If you had to chose one lens to use for the rest of your career what would it be and why?
Wow. I really think this is an unanswerable question for me. I like lenses as much as the next cinematographer. The beauty of a lens is its mystery. Each lens has its own character and its own purpose. This mystery is what keeps me interested. If I had to use one lens for the rest of my life I would quit cinematography. Shooting would be so boring.
Your commercial work is incredible. How did you get into that particular area, and what do you think separates you from the rest of the field?
Thank you. Well, I have always been drawn to short form. I went to film school in the late nineties when we were all being influenced by music videos. I have always loved the poetry that can be achieved in the short form. Maybe you could equate narrative films novels and short work at its highest form - it can be quite poetic. As far as what separates me from the pack, I think I try to see the big picture. See beyond my ego and try to see what will benefit the final piece. To pull this off you must be quite versatile. I think I have the ability to stay within my style but also be malleable enough to shoot any genre. It's important to be flexible but it's also important to stick to your aesthetic standards. Finding that balance has helped me over the years in the commercial world.
Do you prefer to have your projects pre-light when possible or do you find it better lighting as you go?
I love pre-lights. They are so luxurious. I love to craft light and preconceive shots. However, they are sometimes impossible or unnecessary. The other idea is to go into a shoot and just use your gut. Follow your instincts as they guide you. I have gotten great results in both approaches.
Do you have a particular project you are most fond of?
I like the project I just recently finished for Nike. It's a piece for the new Kyrie Irving shoes.
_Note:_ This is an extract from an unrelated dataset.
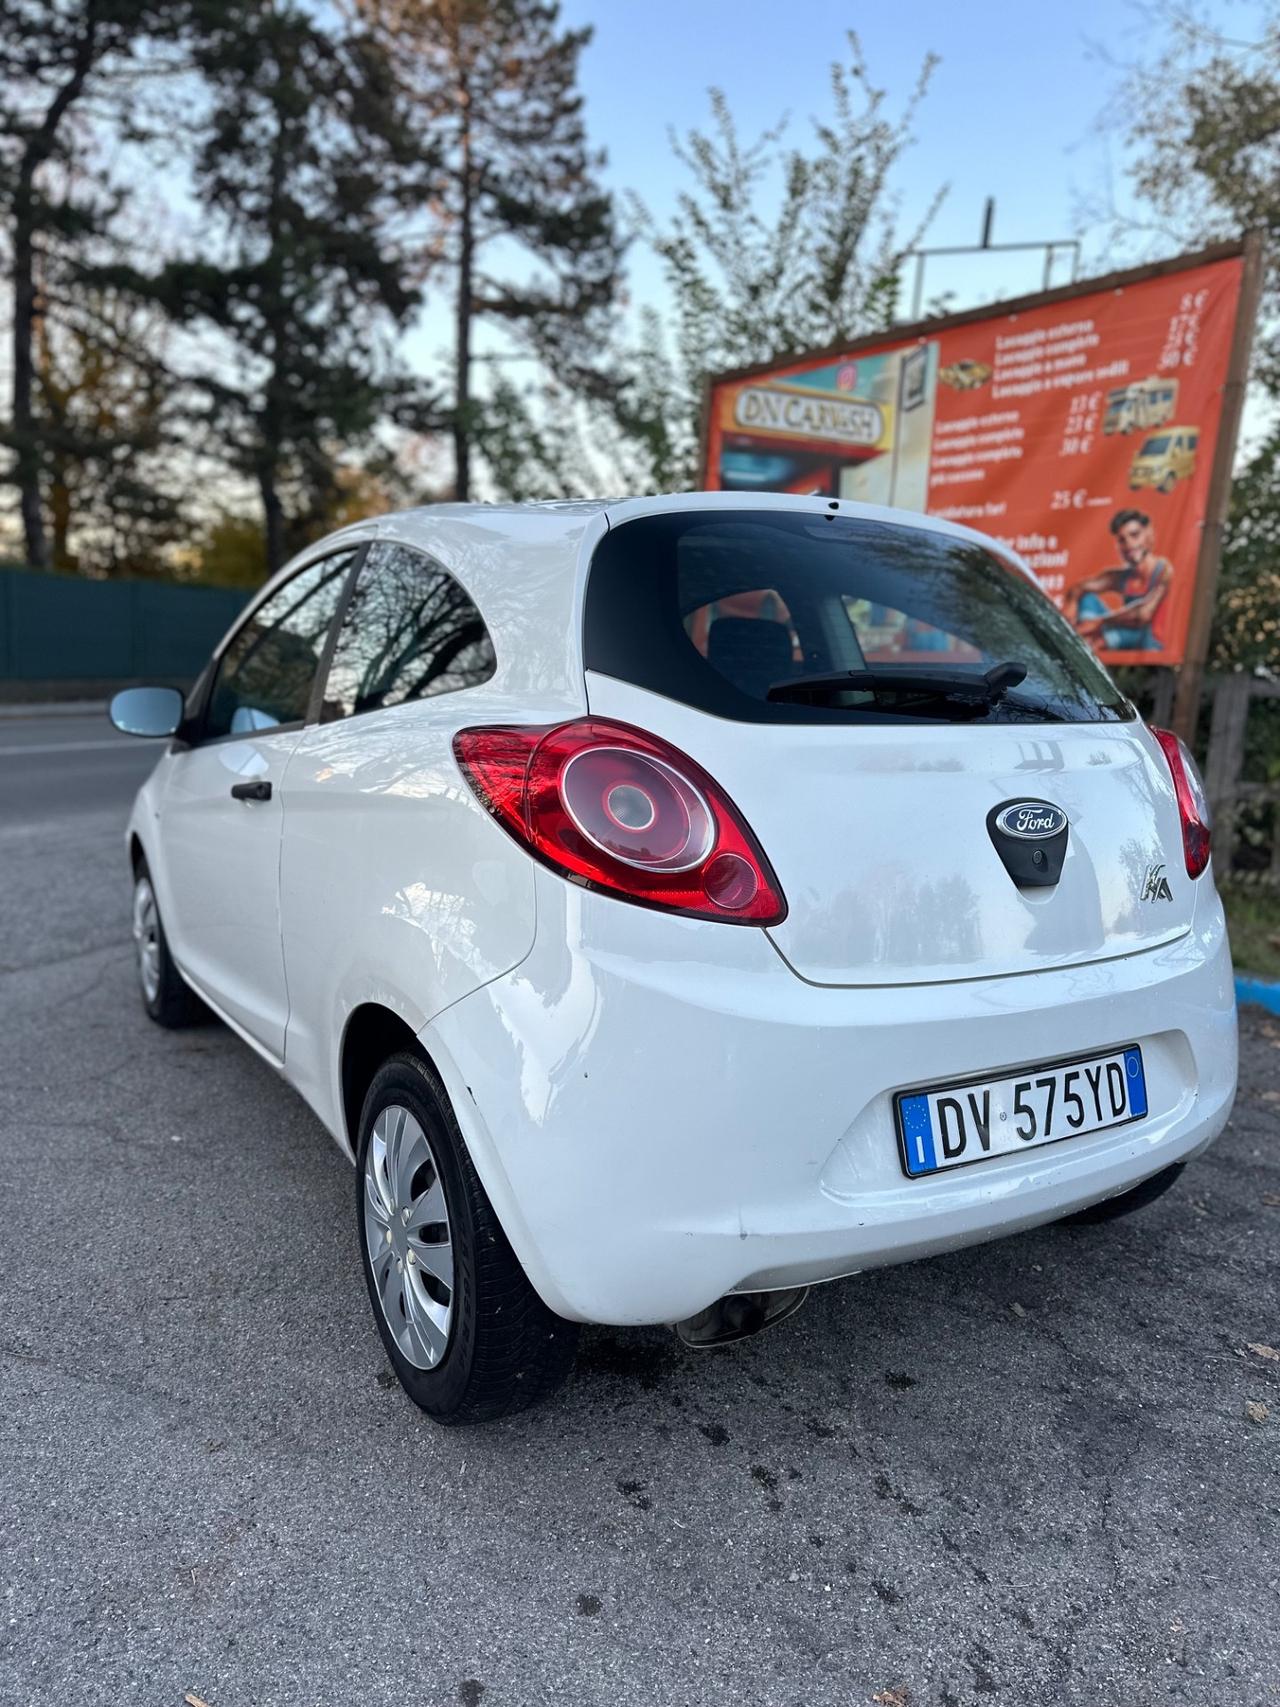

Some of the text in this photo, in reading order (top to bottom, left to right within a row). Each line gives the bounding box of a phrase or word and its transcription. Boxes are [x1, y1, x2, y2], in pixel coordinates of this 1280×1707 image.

[1016, 808, 1055, 831] Ford
[915, 1062, 1126, 1163] I DV 575YD
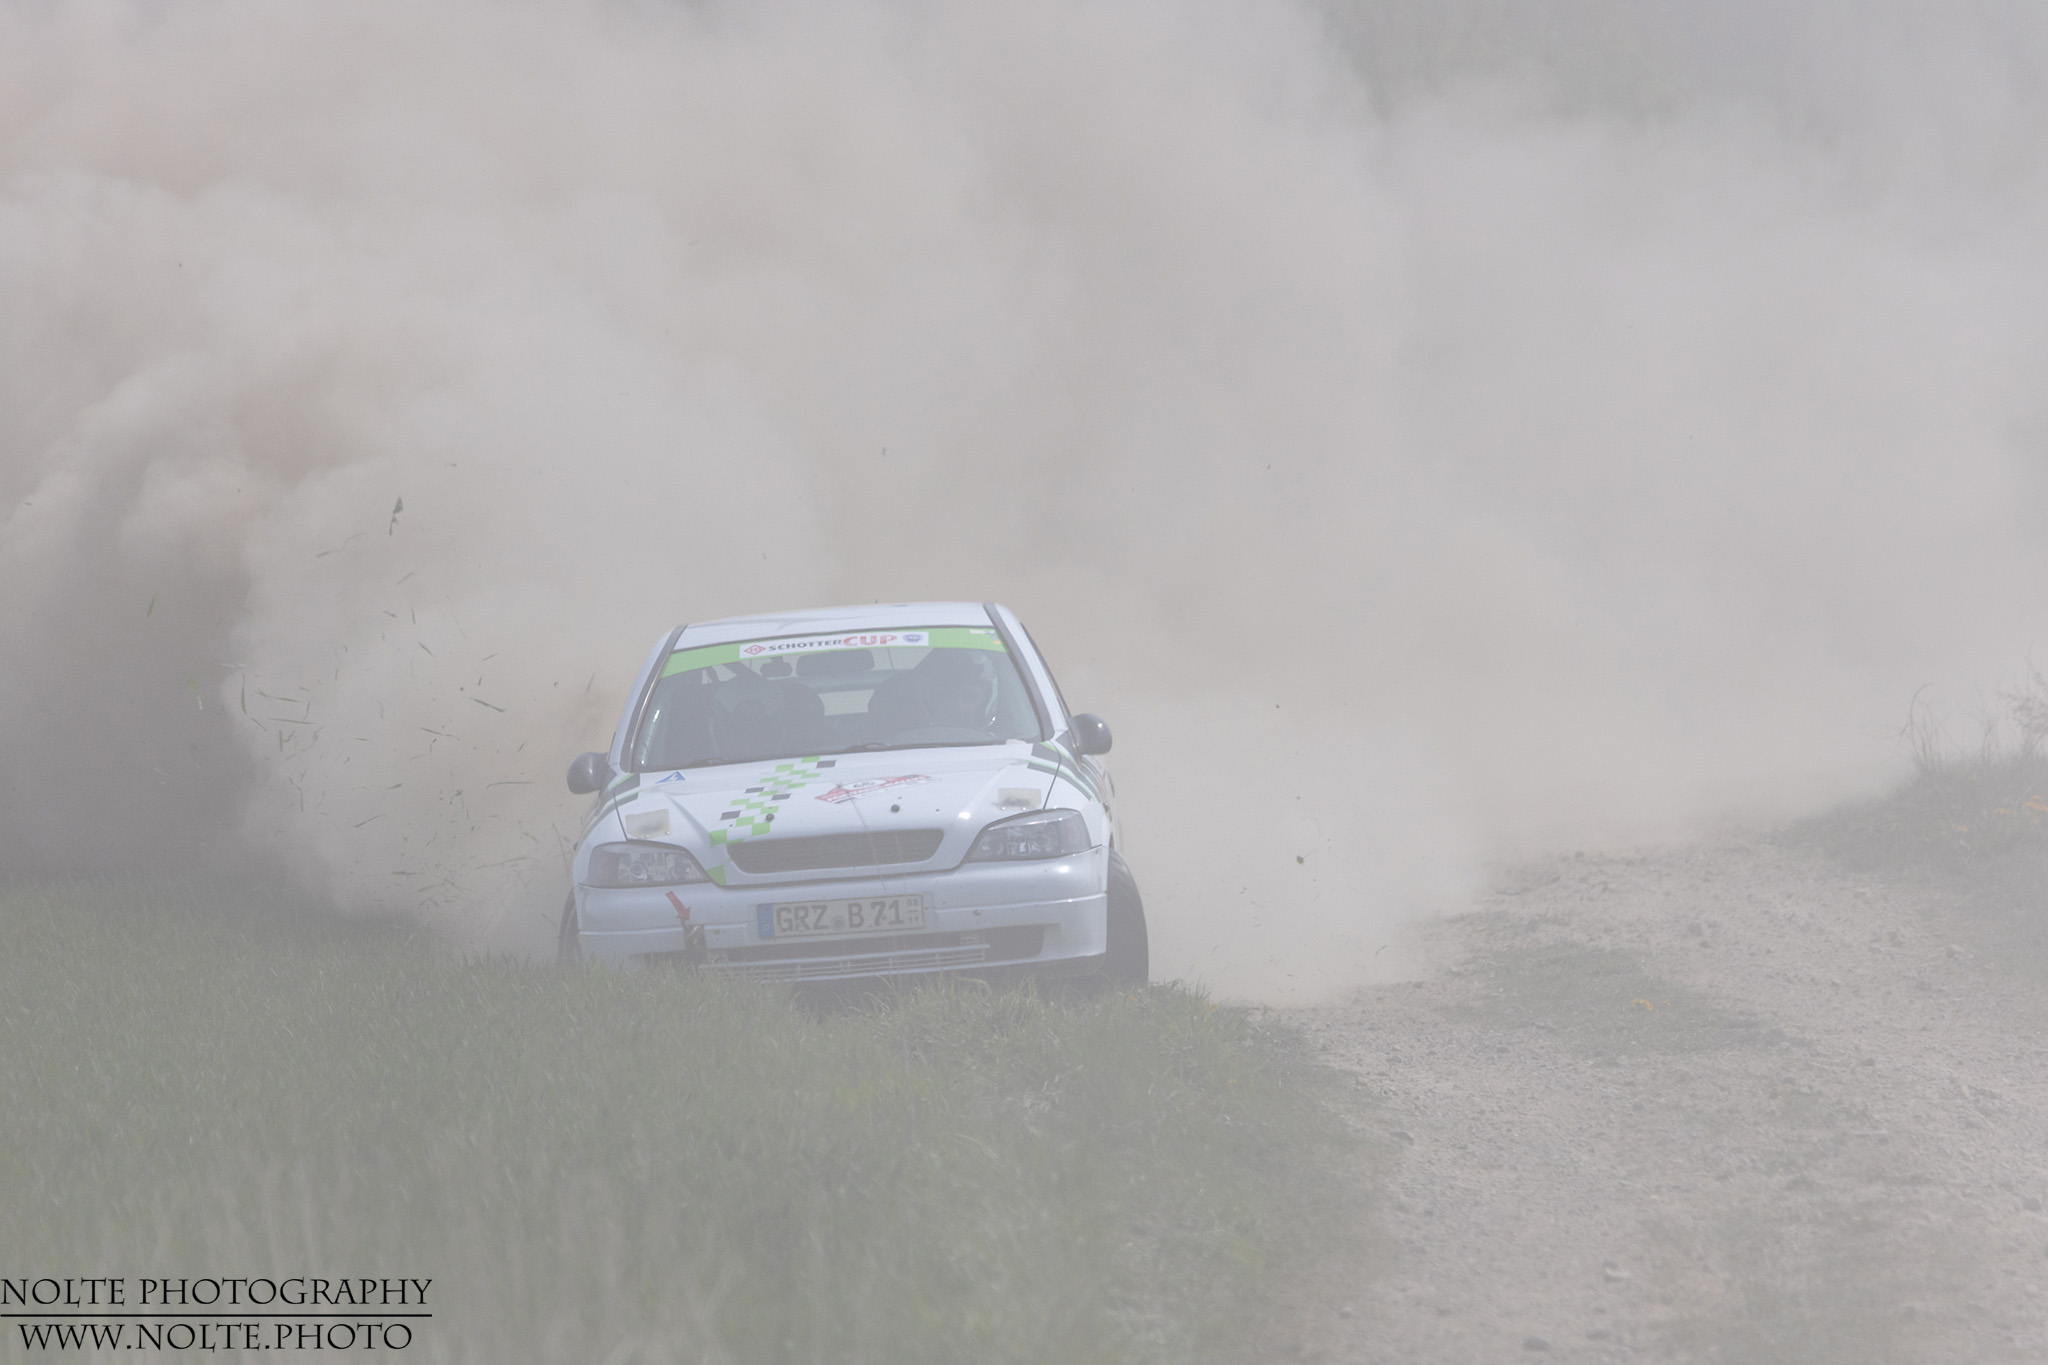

I am also a big fan of Jazz music, and have always been enamored with the dialogue between photography and Jazz. So to have the opportunity to apply my cinematography with Jazz was a beautiful challenge.
Do you see yourself being a DP for the rest of your career?
I hope so. I love being a DP. I think it is the best job on set. I hope I can be a DP until the end. Conrad Hall ASC died in his 80’s after he shot Road To Perdition. What a way to go out!
The color grading of your work is exceptional. Can you expand on your relationship with your colorist and the importance of the relationship between the colorist and DP?
This is an extremely important topic in my work. Conrad Hall said, “coloring the image is like re-photographing it." When I was a young DP I met a colorist named Tom Poole. He was a young dude like myself coming up. We had the exact same ideas about imagery, and we immediately became collaborators. Over the years Tom has colored on all of my best work. I owe a lot to Tom, he is a special talent. Tom is now one of my closest friends. Sometimes if you are in the game long enough filmmaking has a way of working out.
If you had to pick a particular style of aesthetic, what would it be and why?
I like when images look gritty. There should be a dirtiness to the image. When they almost look like a mistake, a little f--ked up! Its that special place where something looks wrong but it is actually oh so right. Images like this get to the heart of what I am after...SOUL. A soulful image is like a call from a new place. A hidden treasure. Images can give you deep emotional feeling without any words. This what I have always been after.